Comment concilier vie de famille et engagement politique ? Cette question se pose avec plus d’acuité pour les femmes élues. En France, en moyenne, les femmes réalisent 71 % du travail domestique et 65 % du travail familial. Depuis janvier 2021, les frais de garde d’enfants ou d’assistance des élus de communes de plus de 3500 habitants peuvent être remboursés sous certaines conditions pour leur permettre d’assister aux réunions indispensables à l’exercice de leur mandat électoral. Cette mesure n’est pas automatique, elle doit d’abord être votée en conseil municipal.
« Certes, elle joue son rôle d’encadrement et de contrôle. Mais est-elle vraiment favorable aux femmes, aux mères, aux actives qui veulent s’engager, s’investir sur un mandat électoral ? Est-elle facilitatrice ? De mon point de vue, la réponse est non! », s’exclamait Stéphanie Lefoulon dans son discours sur le remboursement des frais de garde, lors du conseil municipal du 08 décembre 2022 à Mayenne. Elle est adjointe au maire et conseillère départementale depuis 2020.
Un parcours du combattant
Stéphanie Lefoulon en sait quelque chose. Elle travaille à la Mission locale depuis 5 ans. Suite à une séparation, elle s’installe à Mayenne avec ses trois filles dont elle a la garde. Puis elle décide de participer à la campagne pour les élections municipales pour la liste de gauche, qui gagne en 2020. « Commence alors le parcours du combattant », se souvient-elle. Elle jongle entre son travail à temps plein à la Mission locale, sa vie de famille et ses mandats d’élue municipale, d’élue communautaire et de conseillère départementale. Ses filles ont alors 5, 11 et 13 ans. « Il faut être sacrément bien entourée et bien organisée pour mener tout de front. », reconnaît Stéphanie Lefoulon. Officiellement, la ville apporte son aide aux élus, parents de jeunes enfants. Dans les faits, c’est un petit peu plus compliqué.
En effet, depuis 2022, à Mayenne, les membres du conseil municipal peuvent bénéficier du remboursement de leurs frais de garde. Mais le diable est dans les détails : pour que le dispositif s’applique, cette garde doit être rendue nécessaire par la présence des élus aux séances plénières du conseil municipal, aux réunions de commissions dont ils sont membres, ou aux réunions des assemblées délibérantes et des bureaux des organismes dans lesquelles ils représentent la commune.

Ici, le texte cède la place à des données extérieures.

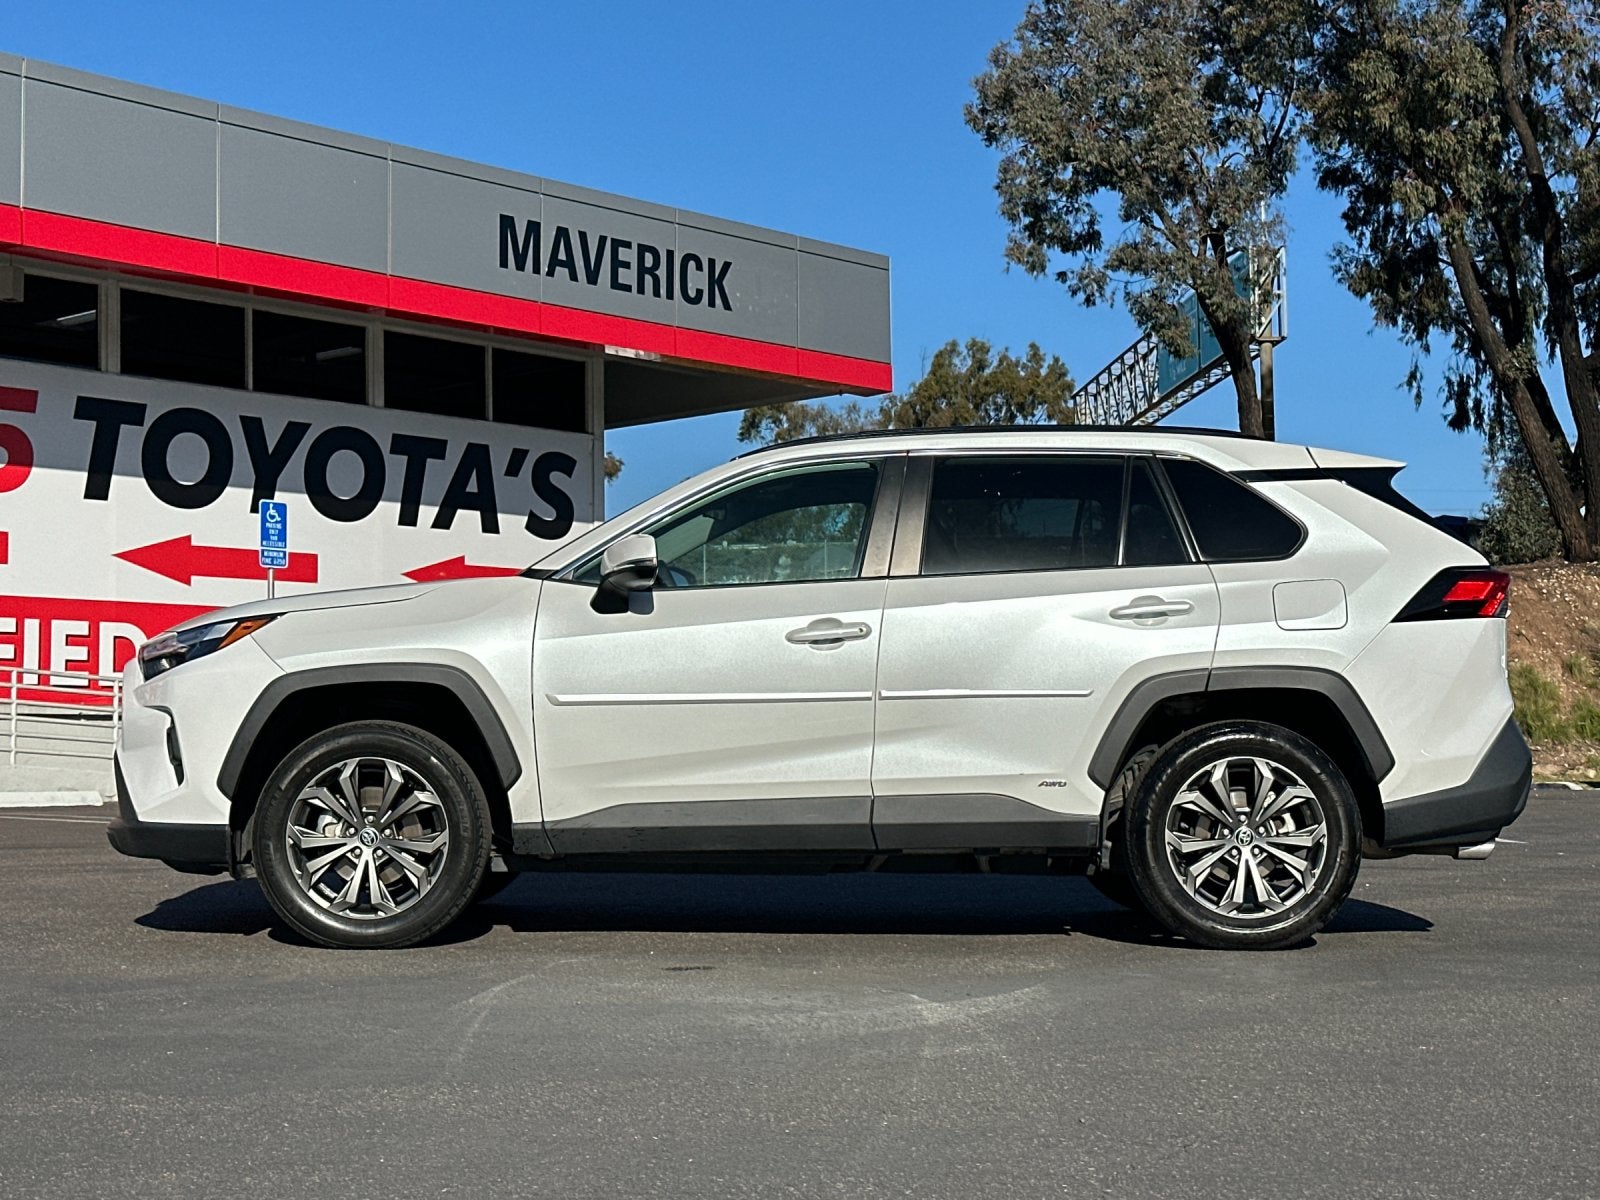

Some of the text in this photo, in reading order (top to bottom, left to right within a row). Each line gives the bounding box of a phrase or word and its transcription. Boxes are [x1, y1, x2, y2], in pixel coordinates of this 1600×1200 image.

[499, 213, 733, 312] MAVERICK
[73, 395, 577, 540] TOYOTA'S
[1037, 780, 1067, 788] AWD

Or, ces moments sont loin d’être les seuls où la présence d’un élu est nécessaire ou souhaitée. Par exemple, « Les moments de représentation ne passent pas, souligne l’élue. Et quand ça passe, on doit fournir les feuilles d’émargement, les comptes rendus de réunion. C’est une grosse charge mentale. » Cela suppose de s’organiser pour trouver un moyen de garde, avant d’établir les contrats, de réunir les documents et de les transmettre pour se faire rembourser. « Je trouve que toute cette charge administrative empêche des fois de passer plus de temps dans les dossiers, de passer plus de temps en réunion ou avant ou après les réunions pour discuter de certains dossiers ».
« C’est une évidence, mais ce n’est pas acquis »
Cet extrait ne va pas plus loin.